Tranilast exhibited area under the curve (AUC) values of 9923 ng⋅h/mL in the conjunctiva after topical eyelid application, which corresponded to 2-fold higher concentration compared with eye drops. This result is valuable in the management of allergic conjunctivitis, where the condition afflicts predominantly the conjunctiva. Moreover, the conjunctiva can act as a reservoir for the sustained delivery of lipophilic molecules such as antibiotics and steroids. The mean residence times of tranilast following topical eyelid application was significantly higher by 2.5–4.5-fold in the eyeball and 3.6–8.4-fold in the conjunctiva, suggesting a slower rate of absorption and subsequently slower elimination process. Consequently, this allows the drug to accumulate in the conjunctiva and eyeball for an extended duration and exhibit its prolonged pharmacologic effect. This demonstrates that tranilast stayed in a particular ocular compartment for a longer time when administered topically onto the eyelids. In addition, a 1.3-fold higher tranilast MRT was found in the conjunctiva and eyeball compared with the MRT of pilocarpine in the same target tissues based on our previous work.

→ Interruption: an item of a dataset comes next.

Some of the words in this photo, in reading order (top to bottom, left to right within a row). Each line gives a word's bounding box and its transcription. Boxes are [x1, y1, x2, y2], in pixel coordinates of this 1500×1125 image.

This finding may be attributed to the difference in lipophilicities wherein tranilast, as a lipophilic drug, exhibits higher binding capacity to the sclera and, therefore, longer transport lag time.13)

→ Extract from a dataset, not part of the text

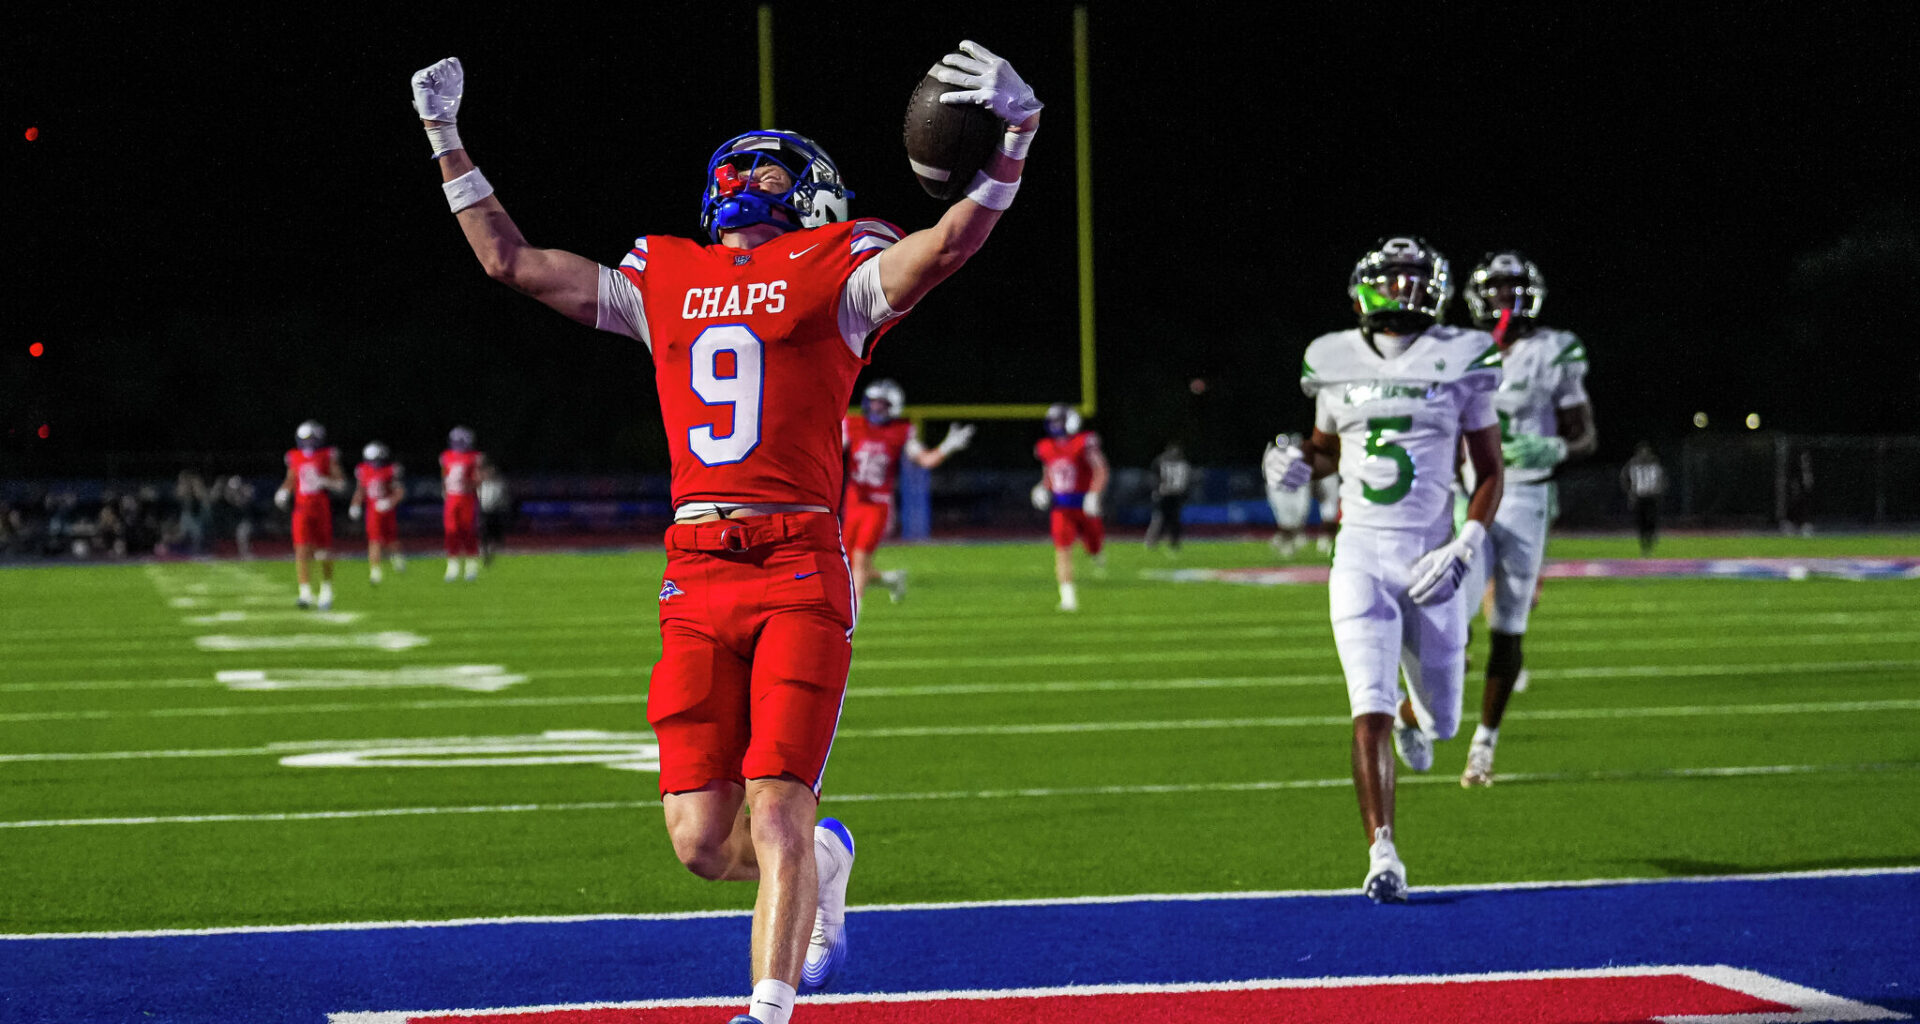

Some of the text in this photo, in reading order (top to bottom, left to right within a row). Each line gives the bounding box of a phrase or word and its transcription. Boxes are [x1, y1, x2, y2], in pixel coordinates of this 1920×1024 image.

In the current study, the delivery of tranilast by the lower eyelid skin proved to be a superior method over eye drops and intravenous administration. This affirms the possibility of delivering tranilast through the eyelids for chronic eye diseases. This method of application is beneficial in allergic conjunctivitis and viral infections where there is the necessity to deliver a drug at a constant and effective concentration and maintained over a long period. Topical eyelid skin application will improve treatment effectiveness by delivering a drug during long sleeping time when the use of liquid and semi-solid eye preparations is deemed impossible. Subsequent studies should highlight the quantification of drugs in specific eye regions after topical eyelid application to understand deeper the migration of tranilast from the anterior to the posterior hemisphere of the eyes using large animal models or human skin. Delivery of high molecular weight drugs and large molecules through the eyelid skin must be investigated in future studies.
Topically applied tranilast solution onto the lower eyelids showed the highest mean residence times and high drug concentrations were quantified in the ocular tissue targets, conjunctiva and eyeball, indicating exclusive accumulation of the drug in the aforementioned ocular targets. Therefore, it is reasonable to prepare lipophilic drugs as pharmaceutical formulations aimed at the eyelids suitable for chronic treatment.
The authors declare no conflict of interest.